I spent today weeding the gravel in the front garden. It's a gentle task that doesn't involve any very strenuous activity with the left hand (given I am right handed) or the risk of banging my knuckles into anything hard. There is something satisfying about pulling out the roots of sheeps sorrel. You curl your fingers under the tuft of leaves, trying to find the long running yellow root, then lift that, seeing how long a piece you can extract in one go, and trying to get it to break leaving a visible end protruding from the soil, so that you can have another bite at the same cherry.
This part of the garden is infested with a fine leaved, clump forming grass. I don't know what species. It isn't Poa annua, annual meadow grass, though it is an annual. There are also patches of a perennial weed grass with a running root, but not couch grass. The root curls more than couch grass roots. That one dives deep as well as running near the surface, and buries itself in the bases of shrubs and hedges where it is impossible to dig all of it out, so I should be vigilant with the spot weedkiller in the spring. I am not very good at the names of weeds, though I can recognise them. There is another annual, a little yellow flowered member of the pea family, and an annual spurge. Then various plants spill out of the border which suddenly count as weeds when they seed in the gravel, including Geranium sanguineum and Lychnis coronaria. Actually, the Lychnis has proved such a smotherer that nowadays I don't want it in the border either. This just goes to prove that a weed is indeed any plant in the wrong place.
The ivy hedge never recovered over the summer, so I've been pruning the dead branches out. Bits are still alive, but there are many leafless branches which are now visibly dry and dead. I was honestly expecting it to shoot again, given how indestructible ivy normally is, but there's been very little regrowth since winter. I presume it was the winter that killed out patches of it, and that it hasn't had the strength to regrow because the soil is so poor and the rainfall overall has been low. I'll sprinkle bone meal along the base of it for now, then give it a higher nitrogen boost next spring, and see if that kick-starts it into action. If it fails to regenerate then maybe it is time to start taking box cuttings. I liked that ivy hedge. The variety has smallish, crinkly leaves in a pleasant shade of greyish green, and a graceful, branching growth habit. I lost track of what cultivar I settled for, which is irritating, but it made a very neat hedge up until last year, and didn't run across the ground as manically as the other hedge in a different (unknown) cultivar does. Which does suggest it is not an especially strong grower.
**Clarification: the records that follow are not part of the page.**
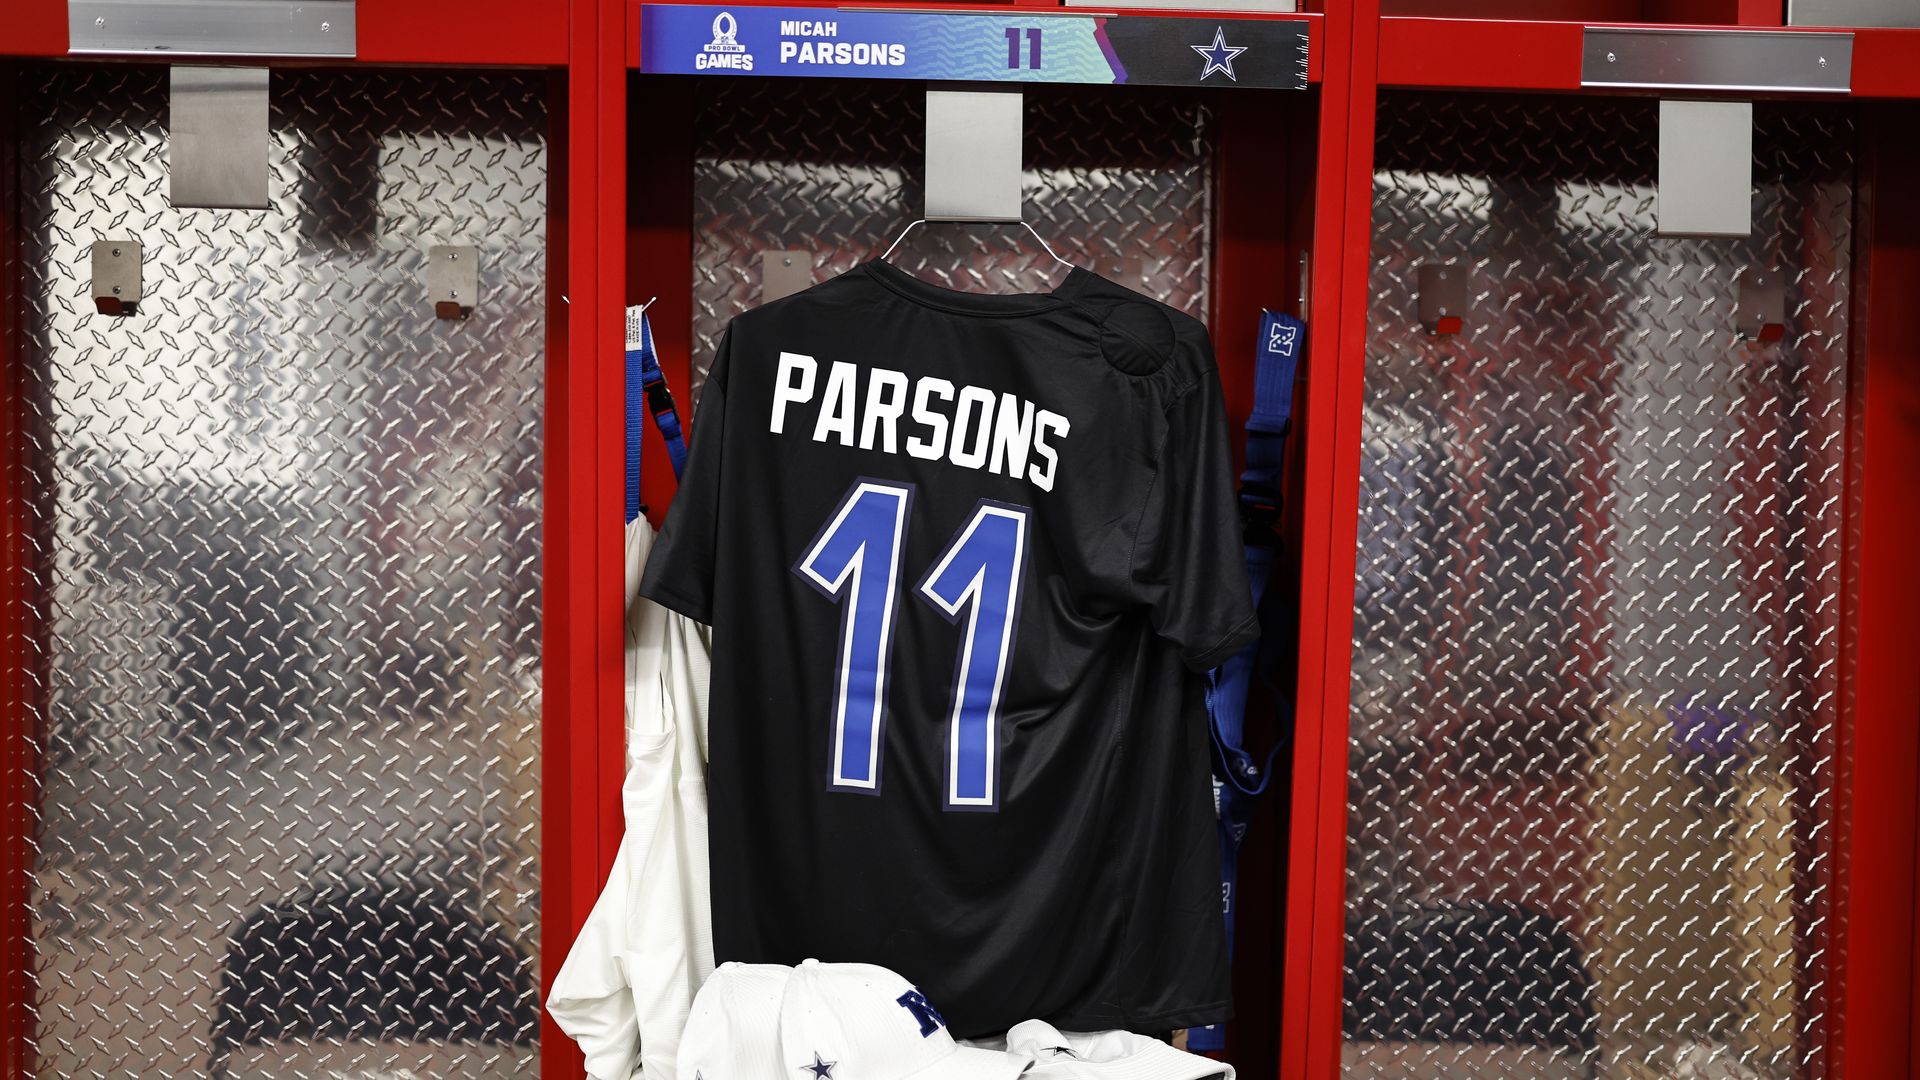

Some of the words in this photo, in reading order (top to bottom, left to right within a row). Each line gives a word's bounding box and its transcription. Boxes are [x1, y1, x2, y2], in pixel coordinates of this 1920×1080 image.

[780, 20, 837, 37] MICAH
[695, 53, 754, 71] GAMES
[780, 41, 906, 66] PARSONS
[1005, 27, 1042, 70] 11
[769, 351, 1071, 493] PARSONS
[791, 475, 1032, 813] 11
There is one seedling which is quite definitely Morina longifolia, so I carefully avoided weeding it out. I was pleased when I found it, but now I've read John Hoyland's article for the Telegraph I feel a little miffed to have only got the one. There again, conditions in north Essex are far from those he describes as ideal for Morina, and a pretty poor substitute for 9,800 feet in the Himalayas, so I should be grateful the plants consent to grow at all.
One of the surviving Gazania still has a flower and two buds on it, an incongruous sight on 22 November. I shall definitely add some more next year, sowing seed if I get round to it, or splashing out on a garden centre pack of plugs if I don't, or if the seeds don't germinate, or damp off.
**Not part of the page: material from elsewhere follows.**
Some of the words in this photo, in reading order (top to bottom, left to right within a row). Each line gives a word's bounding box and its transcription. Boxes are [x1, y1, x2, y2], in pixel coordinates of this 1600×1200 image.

By ten past four it was too dark to see what I was doing weeding, and I had to come in. I was listening to a Radio 4 programme about the brain, which said that the most rewarding activities, defining rewarding as producing the most dopamine, were those were the outcome was not assured and there was an element of uncertainty. That makes gardening a very rewarding activity, I thought. I dream and plan, plant and prune, and have an idea of what could happen. Flowers. A profusion of tulips. The ivy hedge restored to health. A glittering array of south African daisies in the gravel. But nothing is guaranteed. Voles. A long cold winter. That amount of uncertain reward should get the dopamine flowing all right.